* **PROBLEM**
Once the pictures are removed, reproduce what is left of the data below exactly.

Phrase grounding data
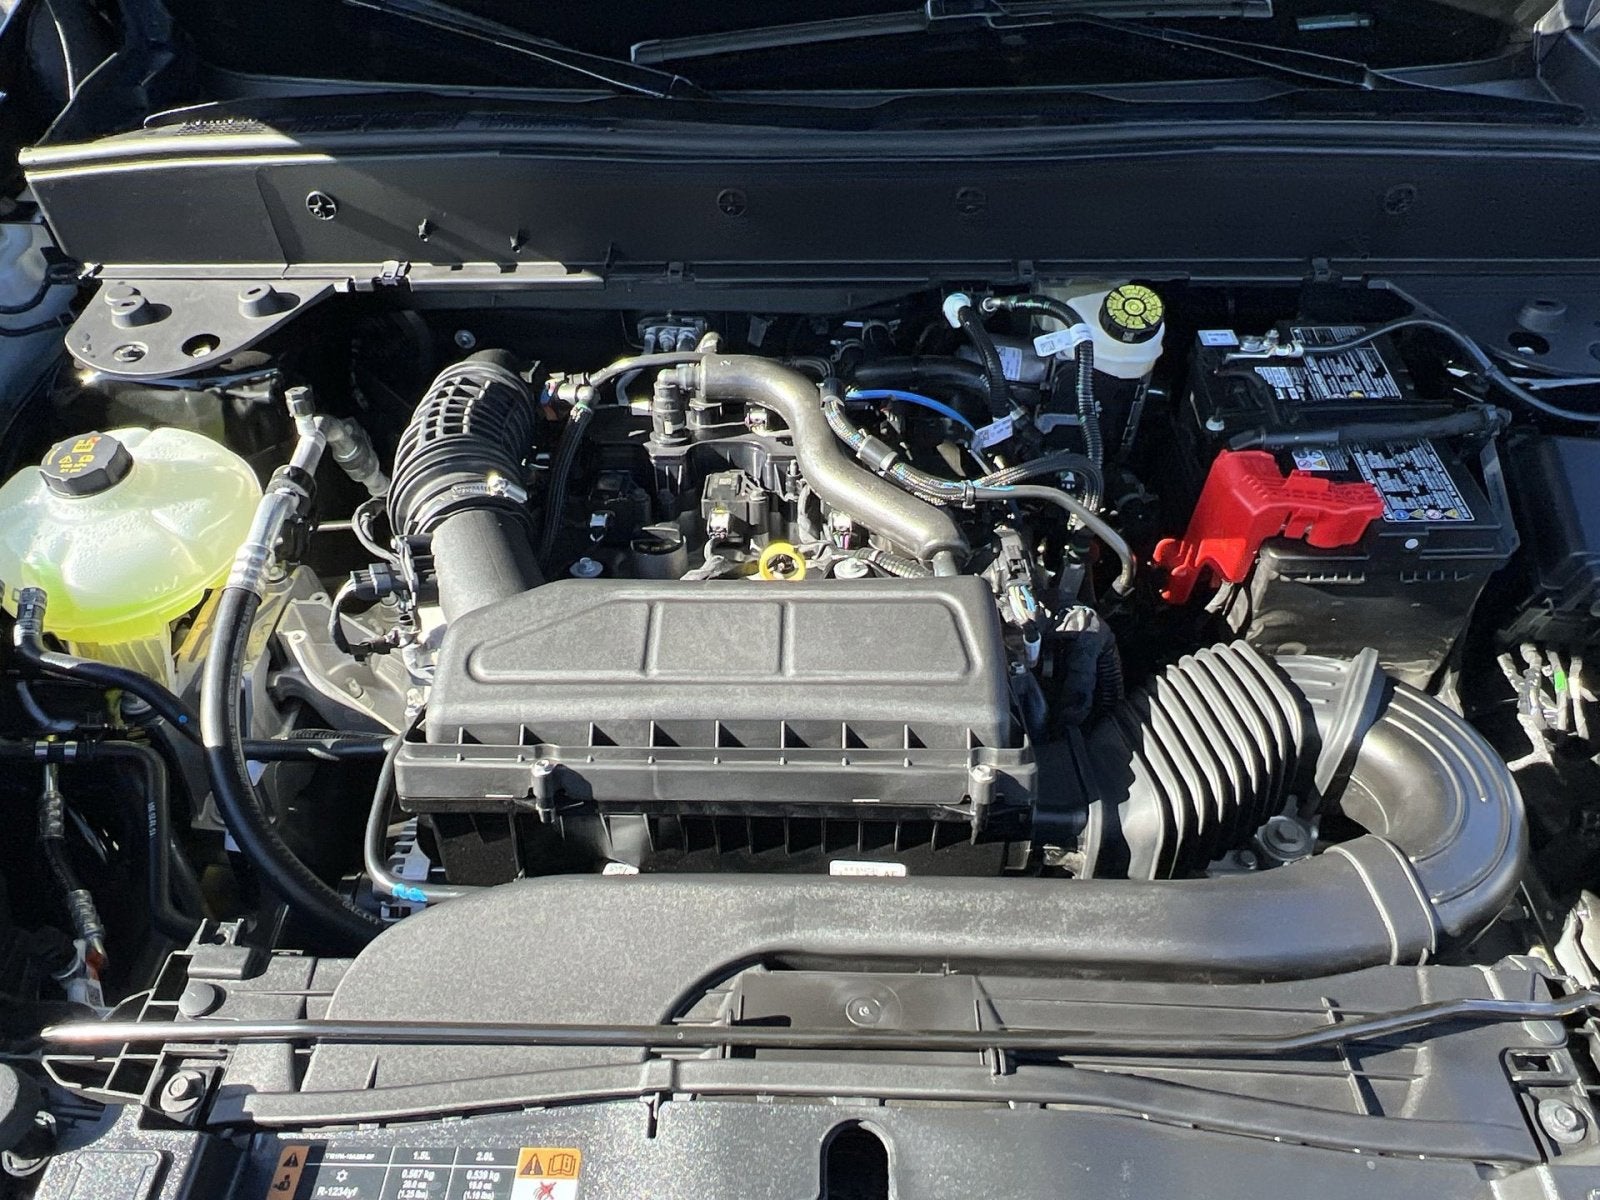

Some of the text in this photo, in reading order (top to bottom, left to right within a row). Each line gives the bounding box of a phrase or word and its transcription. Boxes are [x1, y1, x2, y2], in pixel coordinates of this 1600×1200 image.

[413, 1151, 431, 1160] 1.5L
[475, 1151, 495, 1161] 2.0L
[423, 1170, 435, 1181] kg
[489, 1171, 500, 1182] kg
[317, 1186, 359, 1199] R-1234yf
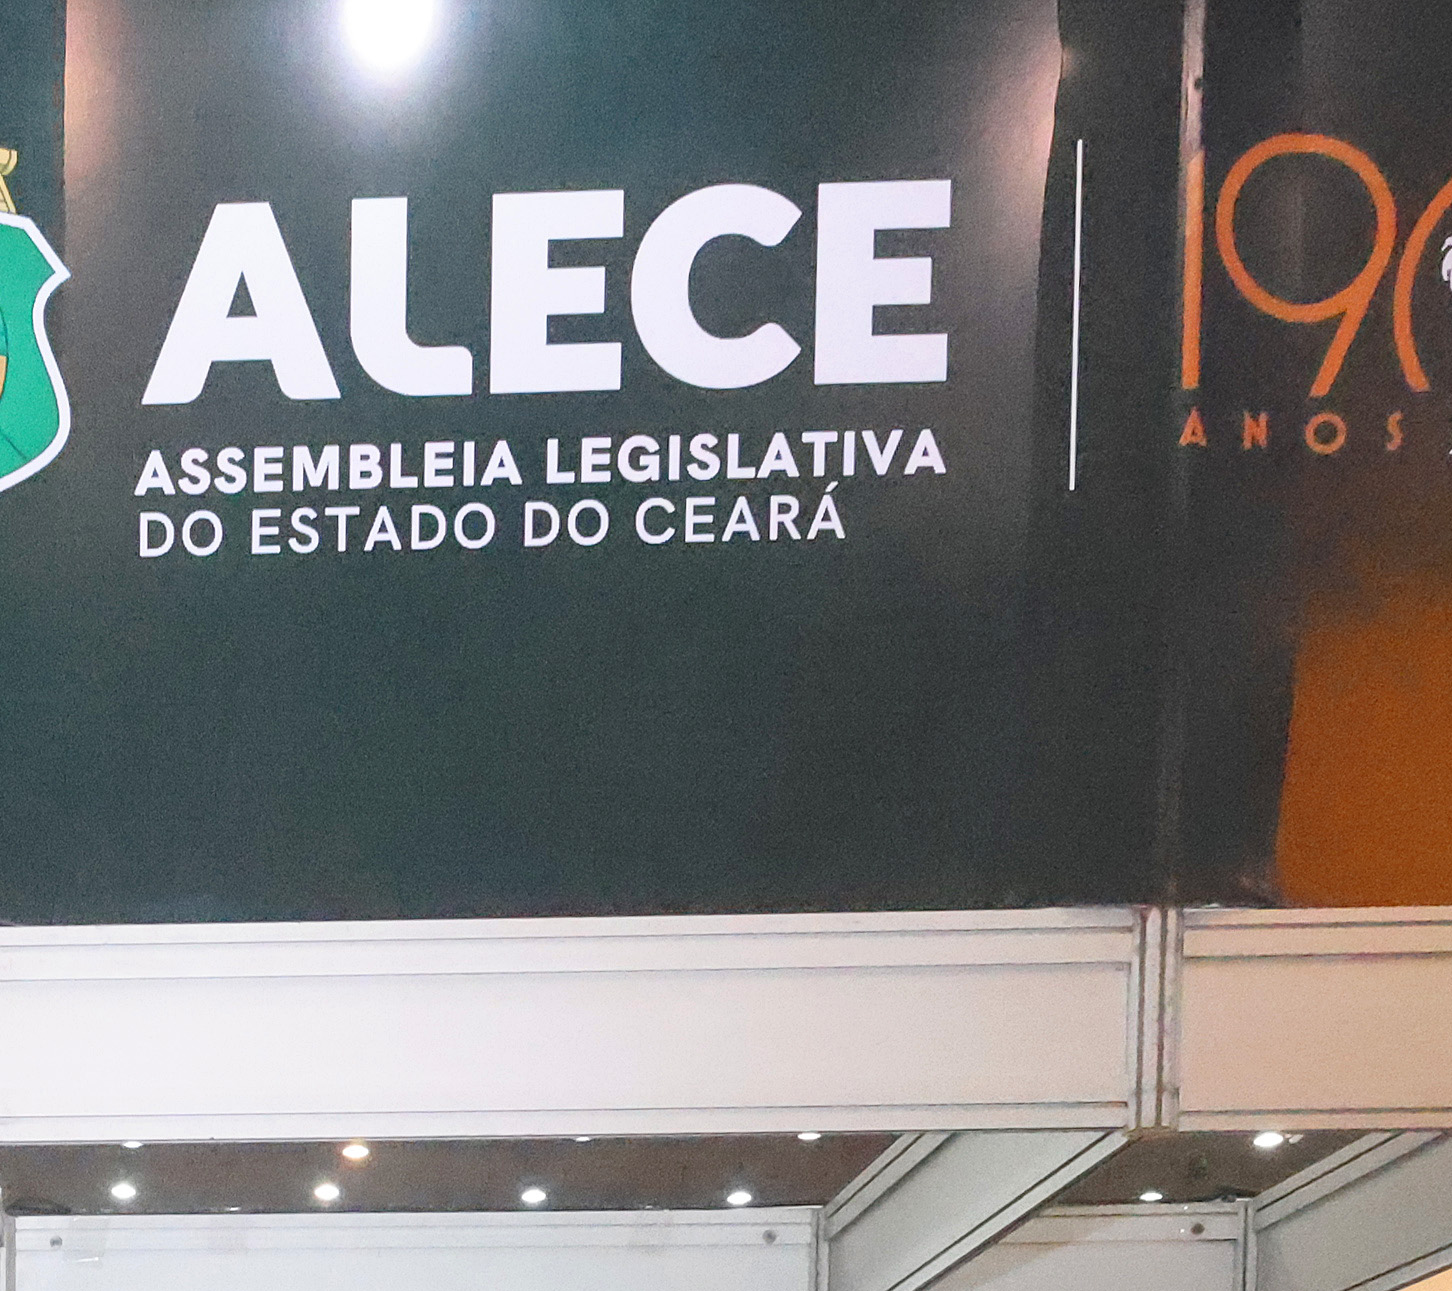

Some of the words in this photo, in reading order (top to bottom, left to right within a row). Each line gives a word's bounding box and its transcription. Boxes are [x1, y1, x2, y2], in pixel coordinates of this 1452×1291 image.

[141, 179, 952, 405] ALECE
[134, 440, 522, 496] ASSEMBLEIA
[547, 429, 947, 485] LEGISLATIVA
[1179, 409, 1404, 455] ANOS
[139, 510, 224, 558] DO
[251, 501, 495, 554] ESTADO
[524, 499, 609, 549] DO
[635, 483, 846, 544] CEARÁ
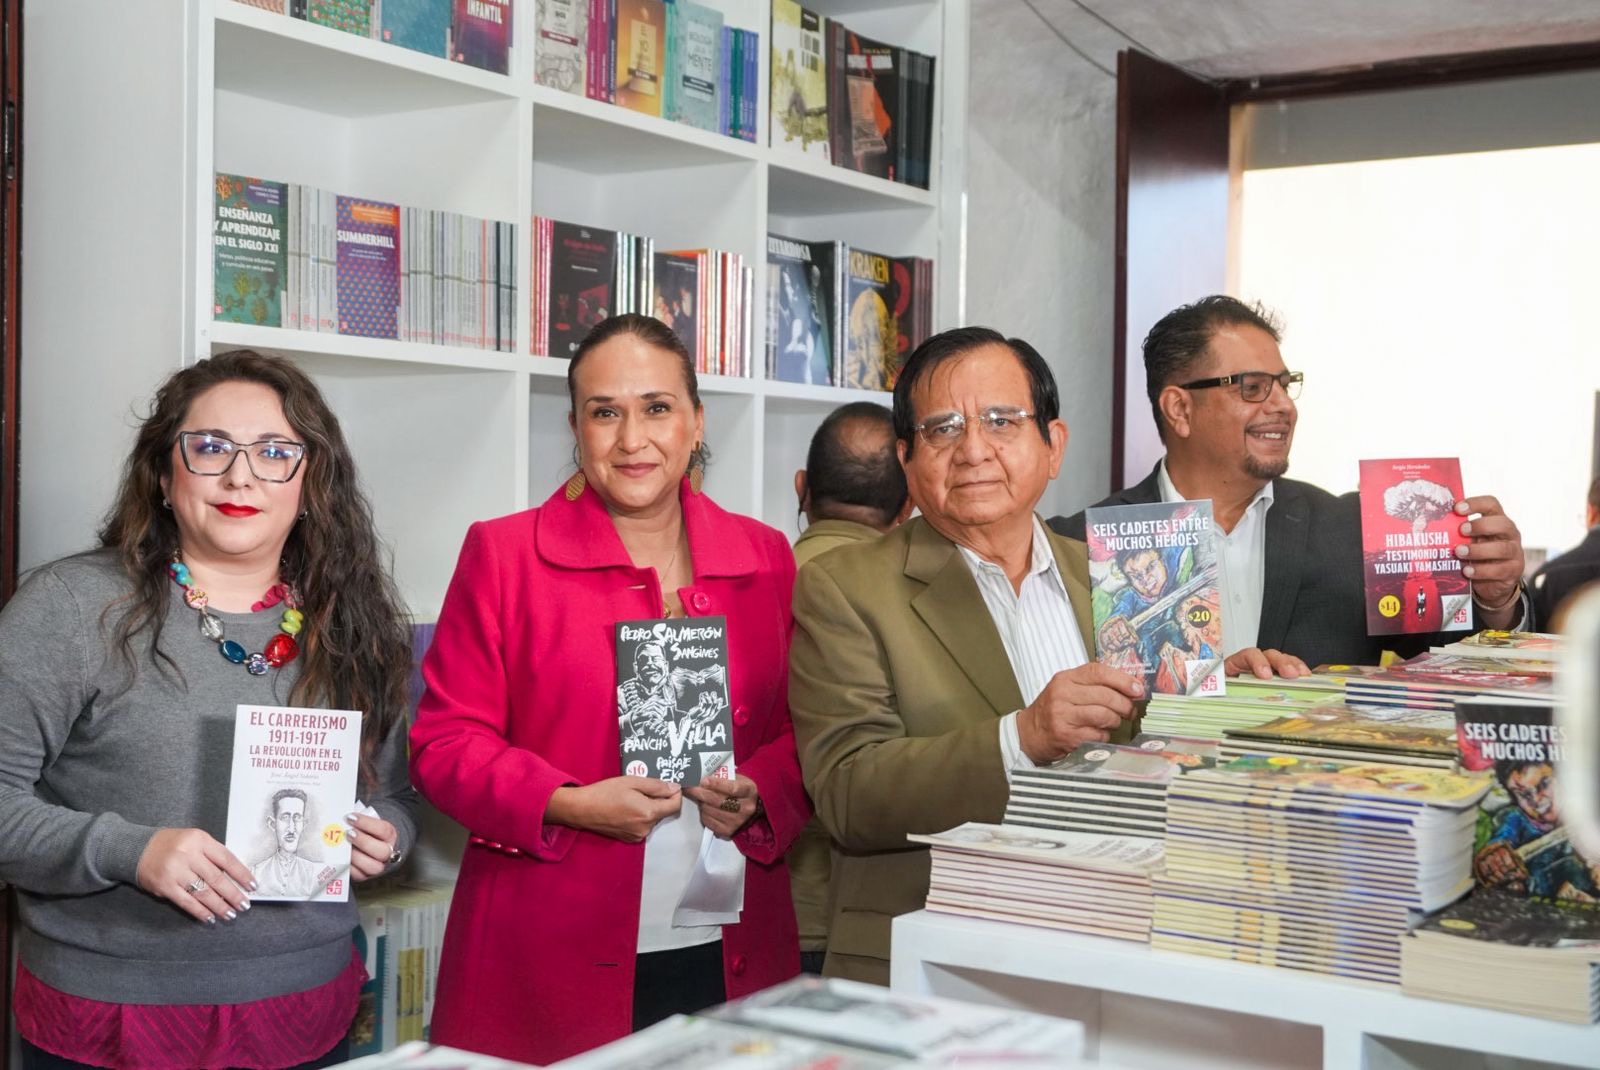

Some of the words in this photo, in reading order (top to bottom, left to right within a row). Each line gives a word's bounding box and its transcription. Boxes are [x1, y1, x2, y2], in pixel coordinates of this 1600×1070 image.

* **WRITTEN ANSWER**
Some of the text in this photo, in reading order (top to bottom, left to right within a row). Each line gives the bounding box of a phrase or word and its transcription. Boxes are [x1, y1, x2, y2], in pixel coordinates of this 1600×1200 image.

[413, 1151, 431, 1160] 1.5L
[475, 1151, 495, 1161] 2.0L
[423, 1170, 435, 1181] kg
[489, 1171, 500, 1182] kg
[317, 1186, 359, 1199] R-1234yf

Some of the words in this photo, in reading order (top to bottom, left to right within a row). Each line gives a word's bounding box and its transcription. Boxes are [x1, y1, x2, y2], in pixel coordinates of this 1452×1291 image.

[141, 179, 952, 405] ALECE
[134, 440, 522, 496] ASSEMBLEIA
[547, 429, 947, 485] LEGISLATIVA
[1179, 409, 1404, 455] ANOS
[139, 510, 224, 558] DO
[251, 501, 495, 554] ESTADO
[524, 499, 609, 549] DO
[635, 483, 846, 544] CEARÁ

Some of the words in this photo, in reading order (top to bottom, left to right within a row). Each line gives a word's bounding box and its transcription. Boxes are [x1, y1, x2, y2], in pixel coordinates of this 1600×1070 image.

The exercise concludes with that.